IF 1.8 Q3 PSYCHIATRY Pub Date : 2025-03-25 DOI: 10.1017/ipm.2025.3
Julia Tompkins, Francesco Piacenza, Patrick Harrington, Kieran C Murphy, Brian O'Donoghue, John P Lyne, Melanie Föcking

Objectives: Schizophrenia is a chronic condition that requires long-term management. Quality of life is an important outcome measure for individuals diagnosed with schizophrenia; it can be tracked over time allowing evaluation of whether interventions lead to sustainable improvements. Nutrition and dietary interventions are an underutilized treatment for tackling the metabolic consequences of mental illness, which is now recognized as having increased importance in the management of schizophrenia. This study examines the impact of nutrition and dietary interventions on quality of life outcomes for those with schizophrenia.
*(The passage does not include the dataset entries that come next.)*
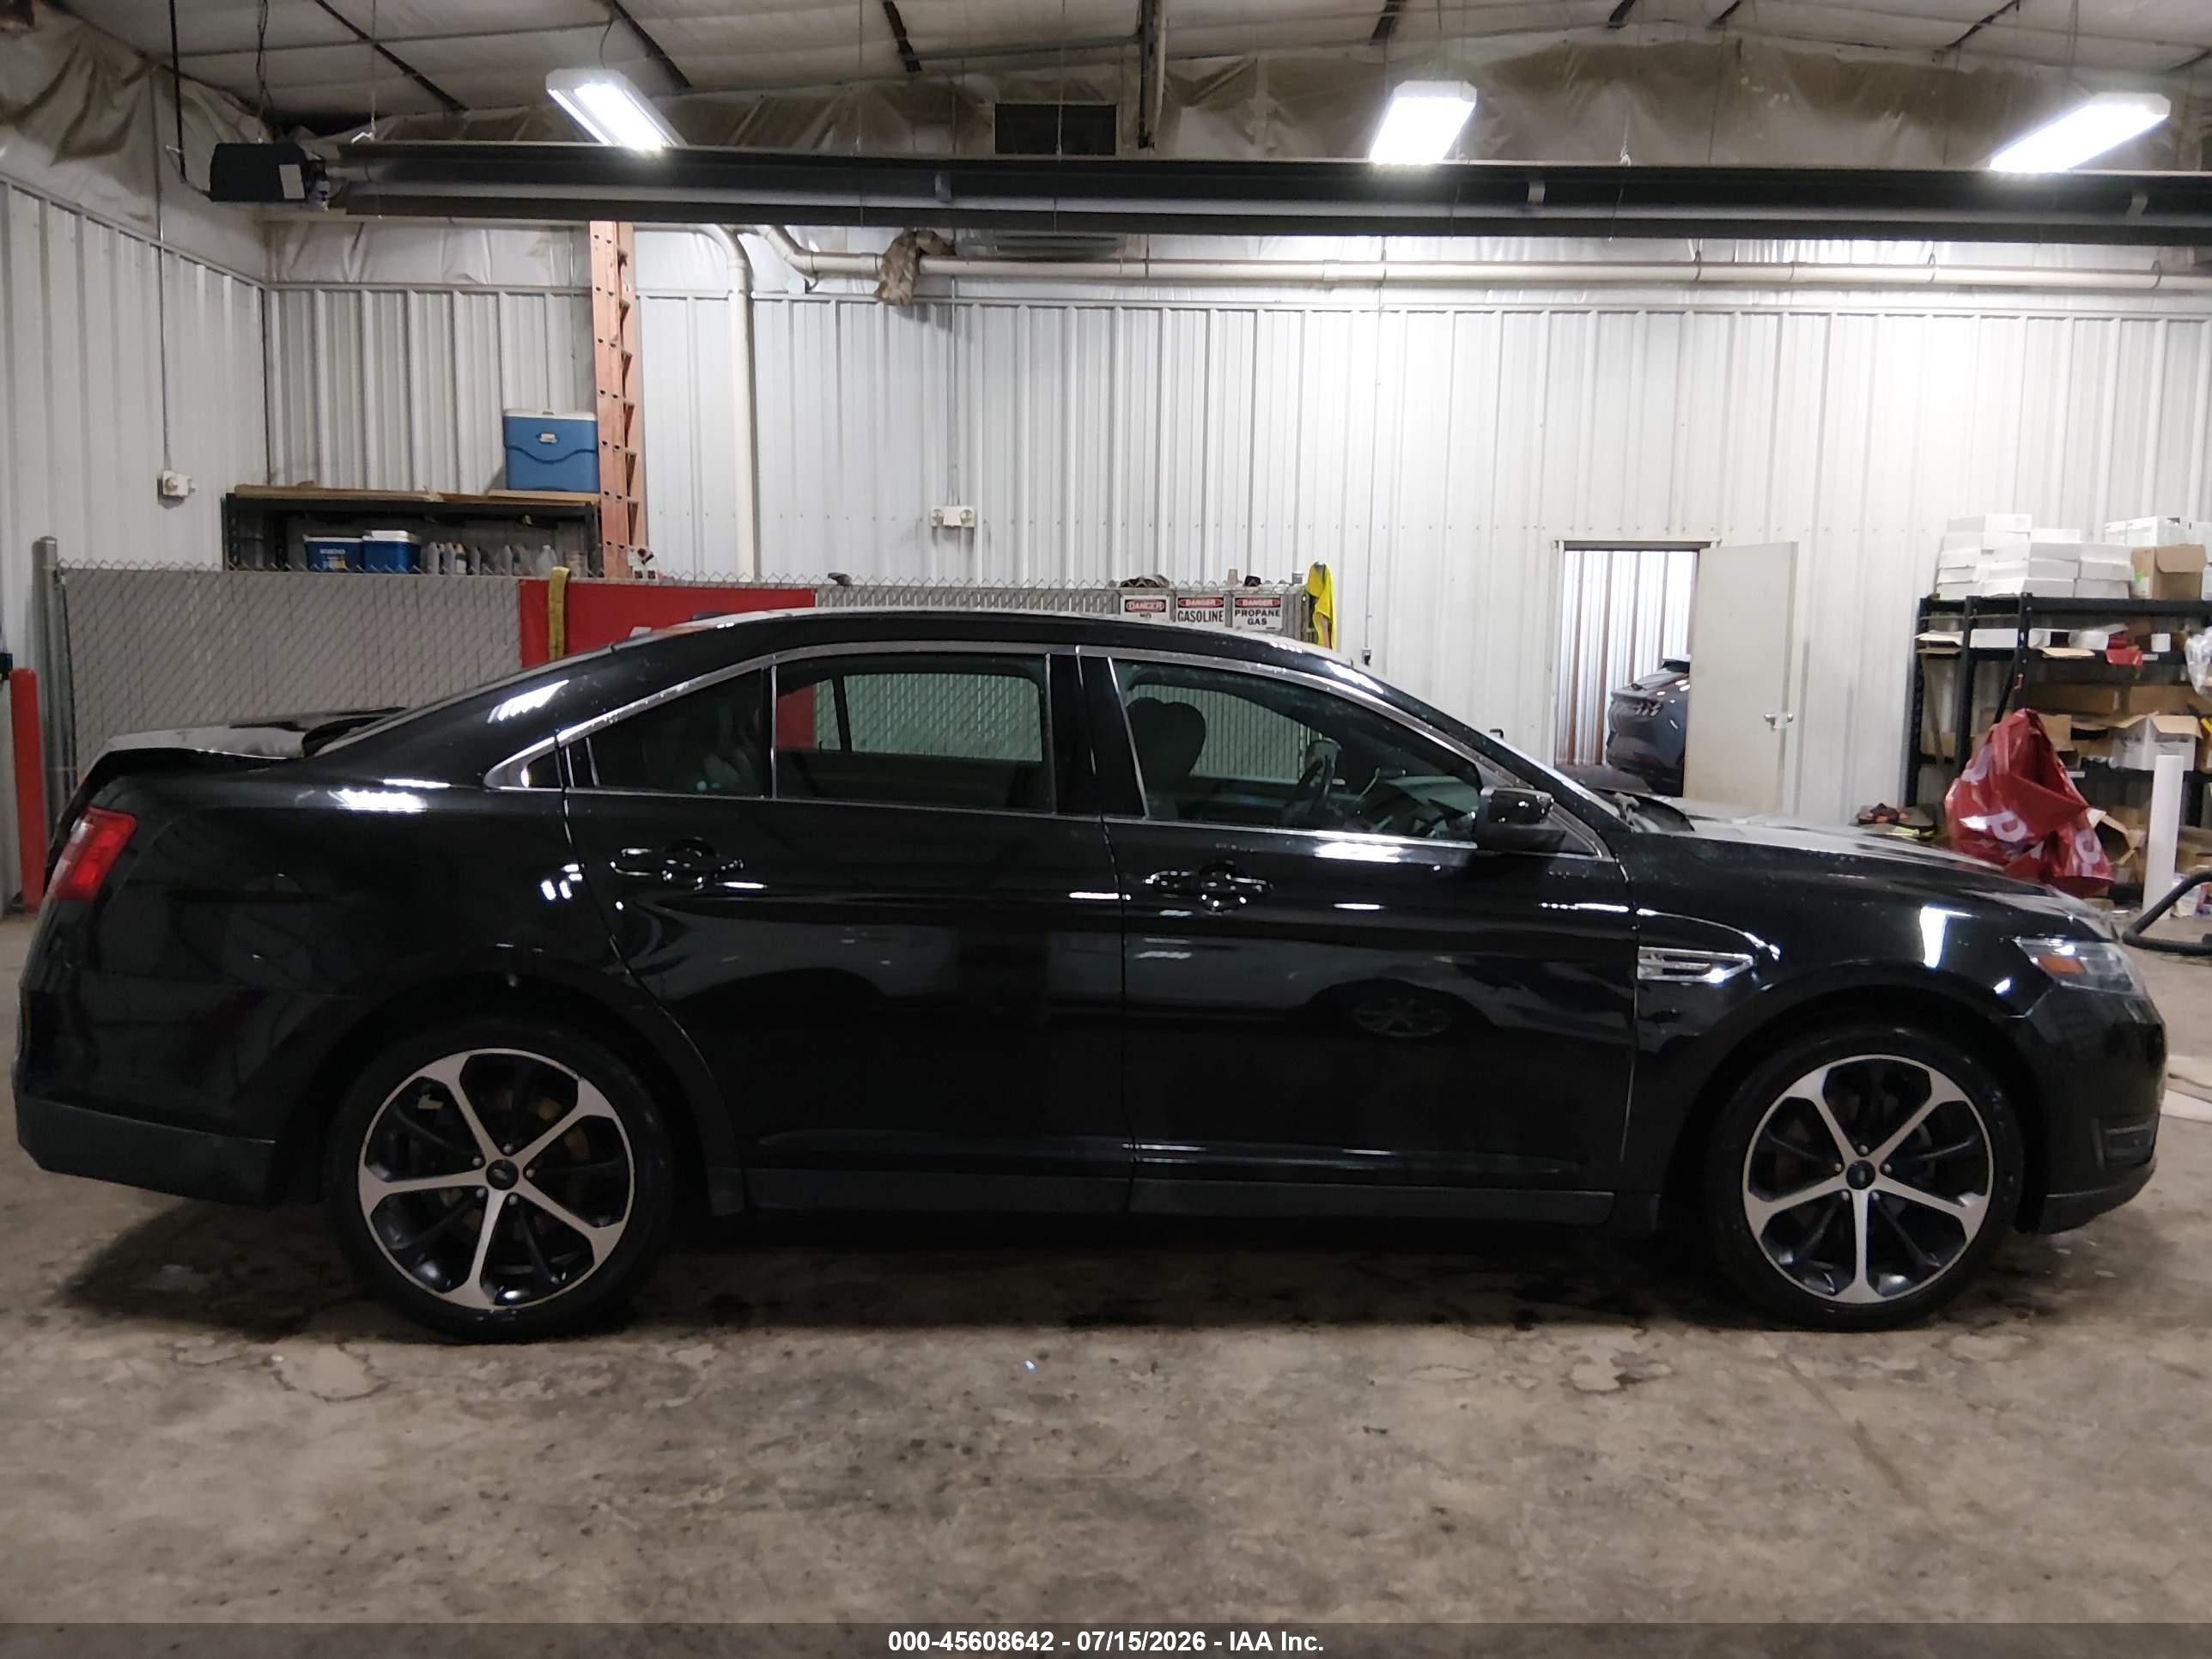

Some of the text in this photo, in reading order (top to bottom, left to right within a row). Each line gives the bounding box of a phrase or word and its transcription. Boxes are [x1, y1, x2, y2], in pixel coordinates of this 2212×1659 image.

[1127, 601, 1163, 611] DANGER
[1185, 598, 1216, 606] DANGER
[1242, 598, 1273, 606] DANGER
[1177, 610, 1224, 623] GASOLINE
[1234, 609, 1280, 617] PROPANE
Methods: A systematic review of the literature was conducted, assessing the impact of nutritional interventions on quality of life outcomes in individuals with a diagnosis of schizophrenia.

Results: A total of 982 articles were screened, of which nine articles met the inclusion criteria. Quality of life measures varied across studies, which made comparison across studies challenging. Previous studies had relatively small sample sizes and did not have long follow-up durations. Some of the studies found that dietary interventions such as counselling, weight management programs, food diaries and nutritional education improved quality of life, whereas others did not detect any effect.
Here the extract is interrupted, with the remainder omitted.